▶ _TASK REQUIREMENTS_: Please restate every line below exactly, without any pictures.

===== EXTRACTED DATA =====

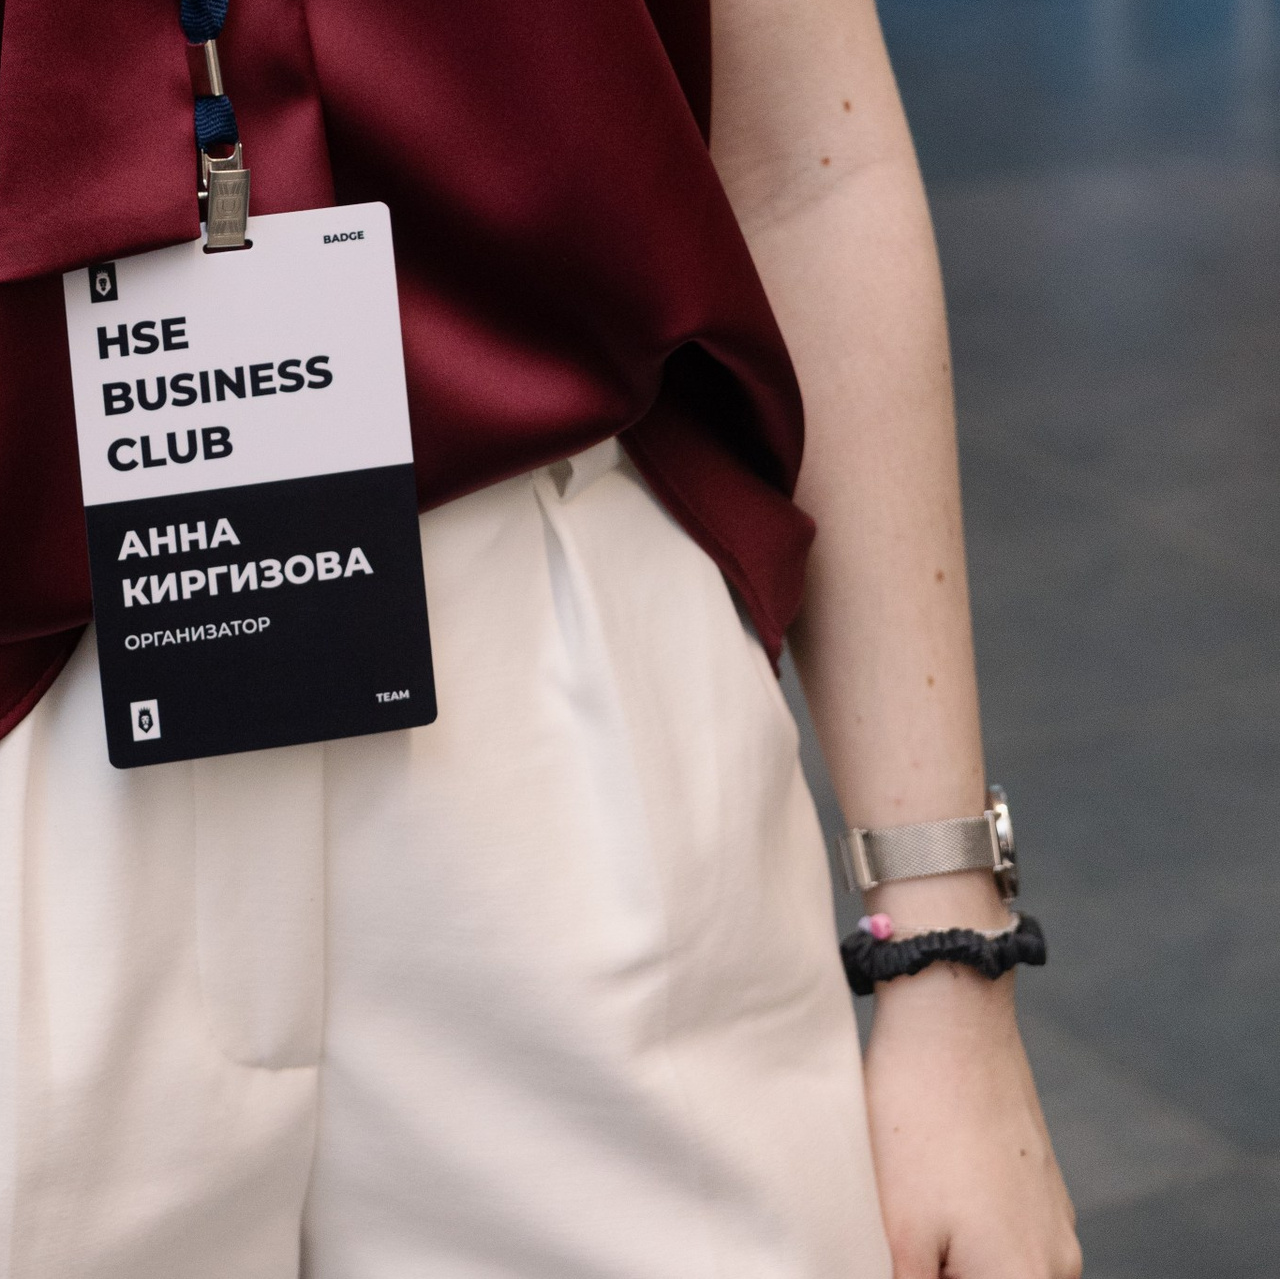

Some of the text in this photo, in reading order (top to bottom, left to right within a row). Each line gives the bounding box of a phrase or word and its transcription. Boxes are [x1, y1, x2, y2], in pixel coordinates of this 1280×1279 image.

[323, 230, 365, 244] BADGE
[96, 316, 189, 360] HSE
[102, 355, 333, 416] BUSINESS
[107, 425, 233, 472] CLUB
[117, 517, 241, 561] АННА
[122, 546, 374, 608] КИРГИЗОВА
[124, 616, 271, 650] ОРГАНИЗАТОР
[375, 689, 410, 703] TEAM
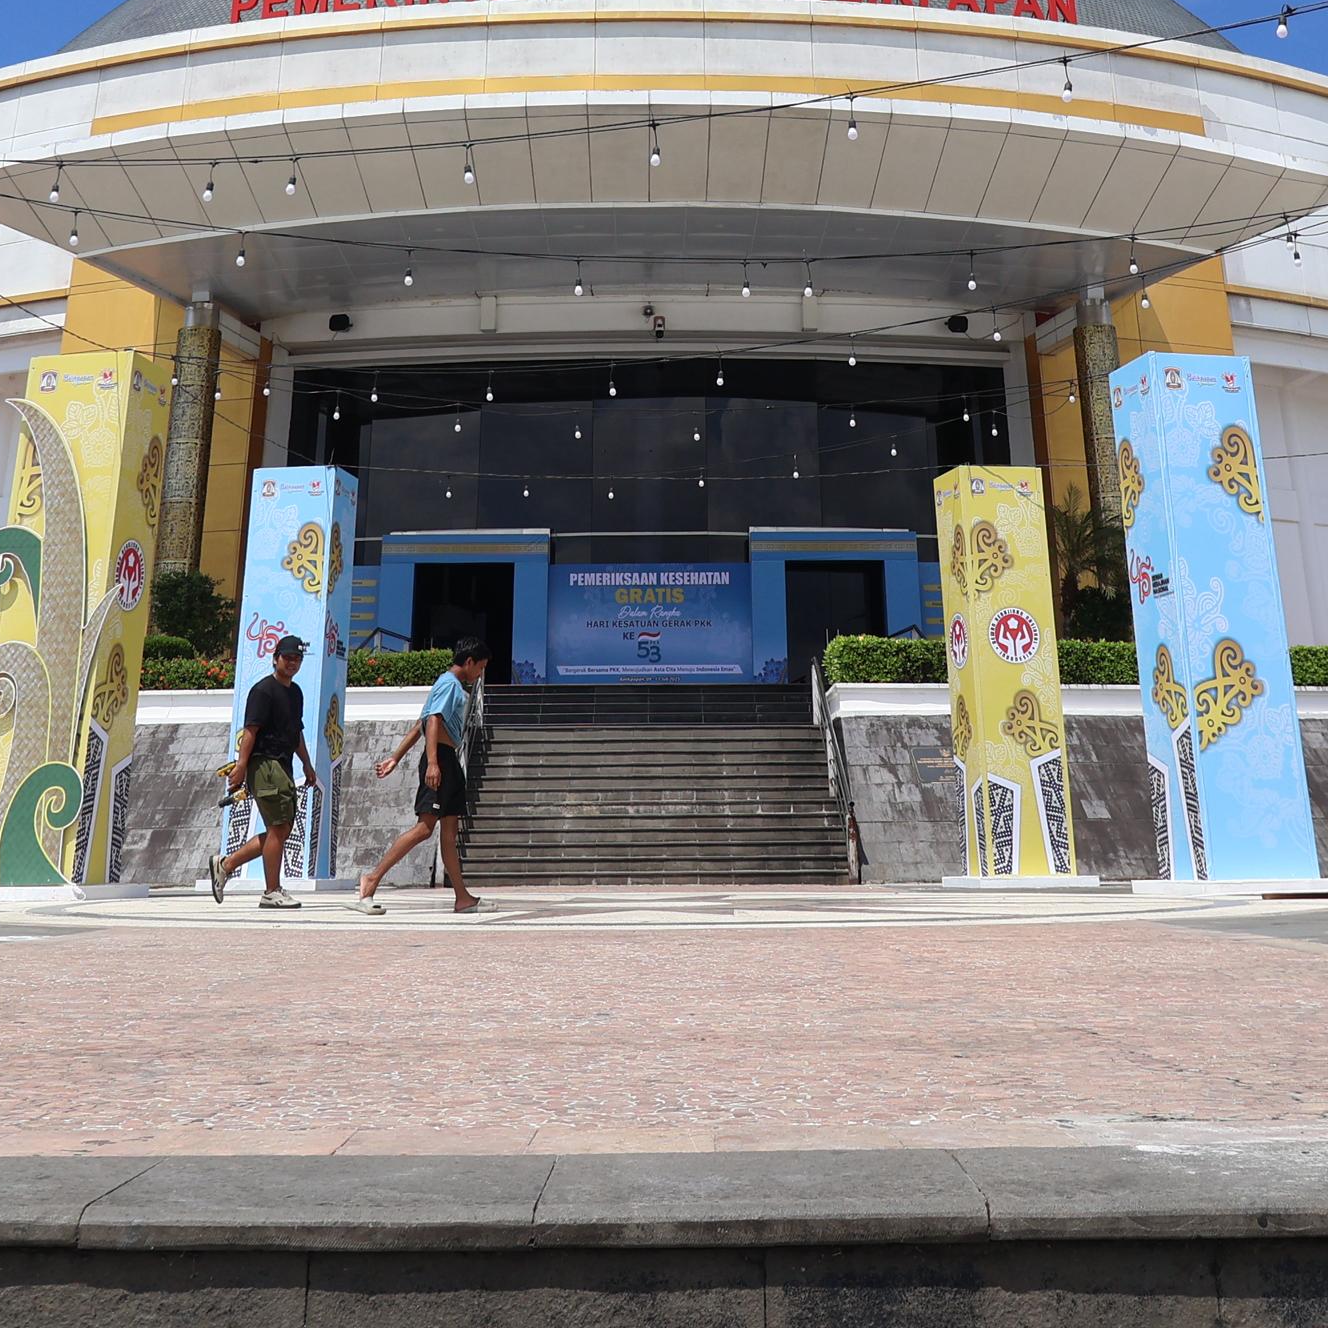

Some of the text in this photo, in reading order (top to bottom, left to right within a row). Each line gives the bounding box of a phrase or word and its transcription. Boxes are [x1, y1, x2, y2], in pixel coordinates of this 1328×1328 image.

[569, 571, 730, 586] PEMERIKSAAN KESEHATAN
[615, 587, 685, 604] GRATIS
[586, 619, 712, 628] HARI KESATUAN GERAK PKK
[622, 631, 635, 640] KE
[637, 641, 662, 663] 53

=====

▶ _WRITTEN RESPONSE_:
Some of the text in this photo, in reading order (top to bottom, left to right within a row). Each line gives the bounding box of a phrase or word and its transcription. Boxes are [x1, y1, x2, y2], in pixel coordinates of this 1280×1279 image.

[323, 230, 365, 244] BADGE
[96, 316, 189, 360] HSE
[102, 355, 333, 416] BUSINESS
[107, 425, 233, 472] CLUB
[117, 517, 241, 561] АННА
[122, 546, 374, 608] КИРГИЗОВА
[124, 616, 271, 650] ОРГАНИЗАТОР
[375, 689, 410, 703] TEAM

Some of the text in this photo, in reading order (top to bottom, left to right within a row). Each line gives the bounding box of a phrase or word and its transcription. Boxes are [x1, y1, x2, y2], in pixel coordinates of this 1328×1328 image.

[569, 571, 730, 586] PEMERIKSAAN KESEHATAN
[615, 587, 685, 604] GRATIS
[586, 619, 712, 628] HARI KESATUAN GERAK PKK
[622, 631, 635, 640] KE
[637, 641, 662, 663] 53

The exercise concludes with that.